Back then, color meant only good things. It meant my cousins in Jamaica. It meant the graduate students from Africa and India my father would bring home from the university. My own color was not something I ever thought about much either because it seemed such a stray fact.
But things changed when I left for Toronto to attend college. This was during the early 1980s, when West Indians were emigrating to Canada in droves, and Toronto had become second only to New York as the Jamaican expatriates' capital in North America. At school, in the dining hall, I was served by Jamaicans. The infamous Jane Finch projects in northern Toronto were considered the Jamaican projects. The drug trade then taking off was said to be the Jamaican drug trade. In the popular imagination, Jamaicans were, and are, welfare queens, and gun-toting gangsters, and dissolute youths.

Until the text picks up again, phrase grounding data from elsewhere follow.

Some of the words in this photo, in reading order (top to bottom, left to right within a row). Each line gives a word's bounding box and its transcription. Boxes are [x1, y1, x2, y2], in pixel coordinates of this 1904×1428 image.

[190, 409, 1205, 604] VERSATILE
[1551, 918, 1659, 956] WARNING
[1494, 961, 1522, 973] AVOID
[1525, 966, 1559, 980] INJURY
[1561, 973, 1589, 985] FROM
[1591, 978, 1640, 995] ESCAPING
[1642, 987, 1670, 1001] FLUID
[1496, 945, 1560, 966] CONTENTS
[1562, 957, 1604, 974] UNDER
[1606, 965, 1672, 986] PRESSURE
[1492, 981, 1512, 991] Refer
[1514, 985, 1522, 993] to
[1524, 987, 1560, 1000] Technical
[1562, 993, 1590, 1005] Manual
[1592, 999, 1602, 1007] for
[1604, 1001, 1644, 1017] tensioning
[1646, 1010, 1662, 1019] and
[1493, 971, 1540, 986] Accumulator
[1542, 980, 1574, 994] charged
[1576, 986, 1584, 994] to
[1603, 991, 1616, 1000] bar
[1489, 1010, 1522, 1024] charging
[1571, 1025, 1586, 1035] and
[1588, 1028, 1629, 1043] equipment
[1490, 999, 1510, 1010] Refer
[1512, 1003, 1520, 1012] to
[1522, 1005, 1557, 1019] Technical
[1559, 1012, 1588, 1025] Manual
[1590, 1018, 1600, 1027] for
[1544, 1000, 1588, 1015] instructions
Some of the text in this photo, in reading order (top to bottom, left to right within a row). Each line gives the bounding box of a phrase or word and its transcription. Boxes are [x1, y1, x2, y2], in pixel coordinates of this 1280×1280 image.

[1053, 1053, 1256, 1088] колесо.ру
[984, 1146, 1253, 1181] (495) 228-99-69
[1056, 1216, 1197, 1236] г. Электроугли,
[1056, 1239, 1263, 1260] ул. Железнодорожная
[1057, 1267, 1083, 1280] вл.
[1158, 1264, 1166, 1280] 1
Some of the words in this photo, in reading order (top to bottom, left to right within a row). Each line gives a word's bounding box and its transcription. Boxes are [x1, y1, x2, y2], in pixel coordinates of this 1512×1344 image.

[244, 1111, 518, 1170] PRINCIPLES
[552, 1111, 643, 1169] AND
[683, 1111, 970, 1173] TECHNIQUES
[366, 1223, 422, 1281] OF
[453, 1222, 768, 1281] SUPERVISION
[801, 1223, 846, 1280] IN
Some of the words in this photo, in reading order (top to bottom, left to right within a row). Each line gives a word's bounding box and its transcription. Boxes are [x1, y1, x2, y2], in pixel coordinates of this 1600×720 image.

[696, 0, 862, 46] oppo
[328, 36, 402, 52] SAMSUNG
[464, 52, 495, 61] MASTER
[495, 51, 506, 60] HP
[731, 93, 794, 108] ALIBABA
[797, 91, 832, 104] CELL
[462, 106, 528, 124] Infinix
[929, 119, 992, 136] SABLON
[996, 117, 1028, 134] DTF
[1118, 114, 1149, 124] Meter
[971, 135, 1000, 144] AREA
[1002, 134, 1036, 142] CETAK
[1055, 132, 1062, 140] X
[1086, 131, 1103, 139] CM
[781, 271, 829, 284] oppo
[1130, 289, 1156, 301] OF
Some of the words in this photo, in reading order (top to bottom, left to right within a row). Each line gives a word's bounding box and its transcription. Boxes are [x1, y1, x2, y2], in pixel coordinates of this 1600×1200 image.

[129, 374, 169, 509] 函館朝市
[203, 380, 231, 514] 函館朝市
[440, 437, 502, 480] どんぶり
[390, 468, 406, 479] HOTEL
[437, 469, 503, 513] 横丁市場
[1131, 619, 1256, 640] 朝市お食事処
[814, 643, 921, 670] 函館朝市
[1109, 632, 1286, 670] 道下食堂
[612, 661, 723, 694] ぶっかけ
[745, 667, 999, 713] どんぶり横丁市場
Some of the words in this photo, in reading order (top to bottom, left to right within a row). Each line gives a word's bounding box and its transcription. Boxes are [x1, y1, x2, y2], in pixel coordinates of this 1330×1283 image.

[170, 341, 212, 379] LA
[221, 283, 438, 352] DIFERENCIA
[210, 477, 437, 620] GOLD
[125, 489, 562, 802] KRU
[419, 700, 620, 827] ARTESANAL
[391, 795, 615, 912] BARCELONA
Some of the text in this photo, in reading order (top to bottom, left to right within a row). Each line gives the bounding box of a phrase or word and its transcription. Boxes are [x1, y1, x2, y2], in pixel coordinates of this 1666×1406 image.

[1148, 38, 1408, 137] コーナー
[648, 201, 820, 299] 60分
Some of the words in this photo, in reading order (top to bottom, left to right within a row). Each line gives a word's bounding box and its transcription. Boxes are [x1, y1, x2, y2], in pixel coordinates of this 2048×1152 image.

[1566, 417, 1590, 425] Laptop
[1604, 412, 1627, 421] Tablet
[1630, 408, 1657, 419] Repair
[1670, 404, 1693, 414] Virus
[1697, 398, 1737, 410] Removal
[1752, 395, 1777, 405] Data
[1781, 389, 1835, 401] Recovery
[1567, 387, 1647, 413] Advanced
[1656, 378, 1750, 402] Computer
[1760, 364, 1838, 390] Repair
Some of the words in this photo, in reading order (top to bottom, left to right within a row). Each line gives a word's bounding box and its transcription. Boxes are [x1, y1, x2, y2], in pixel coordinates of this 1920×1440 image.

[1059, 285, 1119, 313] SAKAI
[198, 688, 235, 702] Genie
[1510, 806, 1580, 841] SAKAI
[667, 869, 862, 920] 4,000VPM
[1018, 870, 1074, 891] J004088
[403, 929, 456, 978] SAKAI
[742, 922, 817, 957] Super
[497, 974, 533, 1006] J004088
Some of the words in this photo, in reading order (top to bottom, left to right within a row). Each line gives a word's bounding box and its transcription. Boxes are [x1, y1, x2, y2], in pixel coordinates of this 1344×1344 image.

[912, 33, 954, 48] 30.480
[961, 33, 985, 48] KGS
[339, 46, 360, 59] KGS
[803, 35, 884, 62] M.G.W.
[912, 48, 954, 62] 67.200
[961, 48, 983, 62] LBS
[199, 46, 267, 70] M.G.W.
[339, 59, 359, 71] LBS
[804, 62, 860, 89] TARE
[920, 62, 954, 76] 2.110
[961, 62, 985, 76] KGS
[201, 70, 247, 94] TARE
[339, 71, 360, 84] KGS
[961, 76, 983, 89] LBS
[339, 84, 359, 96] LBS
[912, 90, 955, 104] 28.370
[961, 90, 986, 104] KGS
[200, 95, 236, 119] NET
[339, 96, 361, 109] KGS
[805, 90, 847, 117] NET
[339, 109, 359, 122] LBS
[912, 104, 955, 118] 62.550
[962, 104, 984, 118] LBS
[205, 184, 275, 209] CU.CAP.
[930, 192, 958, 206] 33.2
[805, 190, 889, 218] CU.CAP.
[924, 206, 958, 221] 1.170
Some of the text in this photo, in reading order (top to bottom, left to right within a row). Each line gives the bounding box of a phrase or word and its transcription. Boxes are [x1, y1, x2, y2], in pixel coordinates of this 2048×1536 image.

After I had moved to the United States, I puzzled over this seeming contradiction, how West Indians celebrated in New York for their industry and drive could represent, just 500 miles northwest, crime and dissipation. Didn't Torontonians see what was special and different in West Indian culture? But that was a naive question. The West Indians were the first significant brush with blackness that smug, white Torontonians had ever had. They had no bad blacks to contrast with the newcomers, no African-Americans to serve as a safety valve for their prejudices, no way to perform America's crude racial triage.
There must be people in Toronto just like Rosie and Noel with the same attitudes and aspirations, who want to live in a neighborhood as nice as Argyle Avenue, who want to build a new garage, and renovate their basement, and set up their own business downstairs. But it's not completely up to them, is it? What has happened to Jamaicans in Toronto is proof that what's happened to Jamaicans here is not the end of racism, or even the beginning of the end of racism, but an accident of history and geography. In America, there is someone else to despise. In Canada, there is not. In the new racism, as in the old, somebody always has to be the nigger.
Malcolm Gladwell's story first appeared in the New Yorker magazine.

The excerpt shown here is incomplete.